(Your objective)
Repeat every line of the material that follows, word for word.

--- START ---

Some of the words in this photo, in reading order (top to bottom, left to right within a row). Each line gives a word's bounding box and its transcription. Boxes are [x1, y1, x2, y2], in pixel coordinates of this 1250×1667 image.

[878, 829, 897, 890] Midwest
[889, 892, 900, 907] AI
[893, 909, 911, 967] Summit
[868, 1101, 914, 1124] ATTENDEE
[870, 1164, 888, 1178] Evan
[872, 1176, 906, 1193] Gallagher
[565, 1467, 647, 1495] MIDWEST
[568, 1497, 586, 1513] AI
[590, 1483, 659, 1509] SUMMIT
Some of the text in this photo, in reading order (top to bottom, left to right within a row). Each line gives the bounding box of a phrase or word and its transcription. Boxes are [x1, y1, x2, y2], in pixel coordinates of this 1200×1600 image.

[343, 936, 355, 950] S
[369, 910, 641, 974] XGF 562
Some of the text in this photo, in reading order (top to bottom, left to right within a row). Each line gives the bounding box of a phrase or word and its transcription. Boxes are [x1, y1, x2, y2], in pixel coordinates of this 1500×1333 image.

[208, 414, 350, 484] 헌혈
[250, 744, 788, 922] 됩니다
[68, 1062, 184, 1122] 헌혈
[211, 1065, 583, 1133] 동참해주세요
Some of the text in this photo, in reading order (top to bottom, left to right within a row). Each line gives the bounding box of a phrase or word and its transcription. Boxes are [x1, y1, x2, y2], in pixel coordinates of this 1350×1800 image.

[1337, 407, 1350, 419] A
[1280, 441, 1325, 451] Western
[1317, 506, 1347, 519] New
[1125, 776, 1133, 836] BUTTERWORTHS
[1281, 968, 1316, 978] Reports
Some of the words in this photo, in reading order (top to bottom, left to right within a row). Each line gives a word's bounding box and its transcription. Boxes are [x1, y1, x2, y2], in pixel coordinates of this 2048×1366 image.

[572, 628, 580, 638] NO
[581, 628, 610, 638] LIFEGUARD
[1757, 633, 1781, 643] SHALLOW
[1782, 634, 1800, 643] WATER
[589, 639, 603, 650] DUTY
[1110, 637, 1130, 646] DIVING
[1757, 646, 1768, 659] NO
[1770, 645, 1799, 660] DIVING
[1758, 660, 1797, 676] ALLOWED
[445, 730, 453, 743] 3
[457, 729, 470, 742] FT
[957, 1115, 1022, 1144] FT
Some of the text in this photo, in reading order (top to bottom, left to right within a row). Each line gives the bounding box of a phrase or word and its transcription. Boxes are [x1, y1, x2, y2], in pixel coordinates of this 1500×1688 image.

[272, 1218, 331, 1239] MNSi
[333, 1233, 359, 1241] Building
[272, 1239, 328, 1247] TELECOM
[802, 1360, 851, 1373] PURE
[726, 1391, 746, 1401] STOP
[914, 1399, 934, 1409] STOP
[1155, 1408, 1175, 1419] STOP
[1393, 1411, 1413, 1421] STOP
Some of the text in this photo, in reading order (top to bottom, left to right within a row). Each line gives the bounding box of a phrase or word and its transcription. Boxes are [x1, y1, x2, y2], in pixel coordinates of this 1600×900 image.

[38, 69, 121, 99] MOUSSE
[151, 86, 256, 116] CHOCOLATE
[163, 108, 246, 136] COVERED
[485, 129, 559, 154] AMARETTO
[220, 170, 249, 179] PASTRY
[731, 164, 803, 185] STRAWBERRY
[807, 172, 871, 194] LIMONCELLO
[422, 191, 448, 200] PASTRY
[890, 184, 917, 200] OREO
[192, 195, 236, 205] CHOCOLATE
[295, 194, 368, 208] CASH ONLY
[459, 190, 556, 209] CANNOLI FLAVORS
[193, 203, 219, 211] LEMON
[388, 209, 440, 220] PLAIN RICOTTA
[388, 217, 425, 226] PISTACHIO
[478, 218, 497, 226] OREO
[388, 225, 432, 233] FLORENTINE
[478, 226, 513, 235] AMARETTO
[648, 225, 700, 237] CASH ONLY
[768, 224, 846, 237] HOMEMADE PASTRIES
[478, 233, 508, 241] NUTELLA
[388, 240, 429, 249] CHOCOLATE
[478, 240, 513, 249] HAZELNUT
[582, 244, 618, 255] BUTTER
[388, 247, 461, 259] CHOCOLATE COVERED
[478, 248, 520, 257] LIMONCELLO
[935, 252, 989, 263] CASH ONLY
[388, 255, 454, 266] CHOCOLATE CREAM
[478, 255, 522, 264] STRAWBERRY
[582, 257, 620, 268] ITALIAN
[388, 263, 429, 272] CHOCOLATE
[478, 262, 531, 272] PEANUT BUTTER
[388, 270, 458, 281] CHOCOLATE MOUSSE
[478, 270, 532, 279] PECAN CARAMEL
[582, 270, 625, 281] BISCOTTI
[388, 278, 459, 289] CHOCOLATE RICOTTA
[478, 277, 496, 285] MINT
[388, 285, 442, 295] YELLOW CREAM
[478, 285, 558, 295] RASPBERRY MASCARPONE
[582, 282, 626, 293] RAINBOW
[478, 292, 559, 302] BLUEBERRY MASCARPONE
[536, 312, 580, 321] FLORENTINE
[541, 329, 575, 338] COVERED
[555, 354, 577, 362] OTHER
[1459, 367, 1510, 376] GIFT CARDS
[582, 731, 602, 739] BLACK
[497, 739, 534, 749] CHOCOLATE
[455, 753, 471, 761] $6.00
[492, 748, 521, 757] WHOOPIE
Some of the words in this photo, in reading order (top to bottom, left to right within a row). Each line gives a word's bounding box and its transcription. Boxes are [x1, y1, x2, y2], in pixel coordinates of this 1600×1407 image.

--- END ---

(Answer box)
Some of the words in this photo, in reading order (top to bottom, left to right within a row). Each line gives a word's bounding box and its transcription. Boxes are [x1, y1, x2, y2], in pixel coordinates of this 1250×1667 image.

[878, 829, 897, 890] Midwest
[889, 892, 900, 907] AI
[893, 909, 911, 967] Summit
[868, 1101, 914, 1124] ATTENDEE
[870, 1164, 888, 1178] Evan
[872, 1176, 906, 1193] Gallagher
[565, 1467, 647, 1495] MIDWEST
[568, 1497, 586, 1513] AI
[590, 1483, 659, 1509] SUMMIT
Some of the text in this photo, in reading order (top to bottom, left to right within a row). Each line gives the bounding box of a phrase or word and its transcription. Boxes are [x1, y1, x2, y2], in pixel coordinates of this 1200×1600 image.

[343, 936, 355, 950] S
[369, 910, 641, 974] XGF 562
Some of the text in this photo, in reading order (top to bottom, left to right within a row). Each line gives the bounding box of a phrase or word and its transcription. Boxes are [x1, y1, x2, y2], in pixel coordinates of this 1500×1333 image.

[208, 414, 350, 484] 헌혈
[250, 744, 788, 922] 됩니다
[68, 1062, 184, 1122] 헌혈
[211, 1065, 583, 1133] 동참해주세요
Some of the text in this photo, in reading order (top to bottom, left to right within a row). Each line gives the bounding box of a phrase or word and its transcription. Boxes are [x1, y1, x2, y2], in pixel coordinates of this 1350×1800 image.

[1337, 407, 1350, 419] A
[1280, 441, 1325, 451] Western
[1317, 506, 1347, 519] New
[1125, 776, 1133, 836] BUTTERWORTHS
[1281, 968, 1316, 978] Reports
Some of the words in this photo, in reading order (top to bottom, left to right within a row). Each line gives a word's bounding box and its transcription. Boxes are [x1, y1, x2, y2], in pixel coordinates of this 2048×1366 image.

[572, 628, 580, 638] NO
[581, 628, 610, 638] LIFEGUARD
[1757, 633, 1781, 643] SHALLOW
[1782, 634, 1800, 643] WATER
[589, 639, 603, 650] DUTY
[1110, 637, 1130, 646] DIVING
[1757, 646, 1768, 659] NO
[1770, 645, 1799, 660] DIVING
[1758, 660, 1797, 676] ALLOWED
[445, 730, 453, 743] 3
[457, 729, 470, 742] FT
[957, 1115, 1022, 1144] FT
Some of the text in this photo, in reading order (top to bottom, left to right within a row). Each line gives the bounding box of a phrase or word and its transcription. Boxes are [x1, y1, x2, y2], in pixel coordinates of this 1500×1688 image.

[272, 1218, 331, 1239] MNSi
[333, 1233, 359, 1241] Building
[272, 1239, 328, 1247] TELECOM
[802, 1360, 851, 1373] PURE
[726, 1391, 746, 1401] STOP
[914, 1399, 934, 1409] STOP
[1155, 1408, 1175, 1419] STOP
[1393, 1411, 1413, 1421] STOP
Some of the text in this photo, in reading order (top to bottom, left to right within a row). Each line gives the bounding box of a phrase or word and its transcription. Boxes are [x1, y1, x2, y2], in pixel coordinates of this 1600×900 image.

[38, 69, 121, 99] MOUSSE
[151, 86, 256, 116] CHOCOLATE
[163, 108, 246, 136] COVERED
[485, 129, 559, 154] AMARETTO
[220, 170, 249, 179] PASTRY
[731, 164, 803, 185] STRAWBERRY
[807, 172, 871, 194] LIMONCELLO
[422, 191, 448, 200] PASTRY
[890, 184, 917, 200] OREO
[192, 195, 236, 205] CHOCOLATE
[295, 194, 368, 208] CASH ONLY
[459, 190, 556, 209] CANNOLI FLAVORS
[193, 203, 219, 211] LEMON
[388, 209, 440, 220] PLAIN RICOTTA
[388, 217, 425, 226] PISTACHIO
[478, 218, 497, 226] OREO
[388, 225, 432, 233] FLORENTINE
[478, 226, 513, 235] AMARETTO
[648, 225, 700, 237] CASH ONLY
[768, 224, 846, 237] HOMEMADE PASTRIES
[478, 233, 508, 241] NUTELLA
[388, 240, 429, 249] CHOCOLATE
[478, 240, 513, 249] HAZELNUT
[582, 244, 618, 255] BUTTER
[388, 247, 461, 259] CHOCOLATE COVERED
[478, 248, 520, 257] LIMONCELLO
[935, 252, 989, 263] CASH ONLY
[388, 255, 454, 266] CHOCOLATE CREAM
[478, 255, 522, 264] STRAWBERRY
[582, 257, 620, 268] ITALIAN
[388, 263, 429, 272] CHOCOLATE
[478, 262, 531, 272] PEANUT BUTTER
[388, 270, 458, 281] CHOCOLATE MOUSSE
[478, 270, 532, 279] PECAN CARAMEL
[582, 270, 625, 281] BISCOTTI
[388, 278, 459, 289] CHOCOLATE RICOTTA
[478, 277, 496, 285] MINT
[388, 285, 442, 295] YELLOW CREAM
[478, 285, 558, 295] RASPBERRY MASCARPONE
[582, 282, 626, 293] RAINBOW
[478, 292, 559, 302] BLUEBERRY MASCARPONE
[536, 312, 580, 321] FLORENTINE
[541, 329, 575, 338] COVERED
[555, 354, 577, 362] OTHER
[1459, 367, 1510, 376] GIFT CARDS
[582, 731, 602, 739] BLACK
[497, 739, 534, 749] CHOCOLATE
[455, 753, 471, 761] $6.00
[492, 748, 521, 757] WHOOPIE
Some of the words in this photo, in reading order (top to bottom, left to right within a row). Each line gives a word's bounding box and its transcription. Boxes are [x1, y1, x2, y2], in pixel coordinates of this 1600×1407 image.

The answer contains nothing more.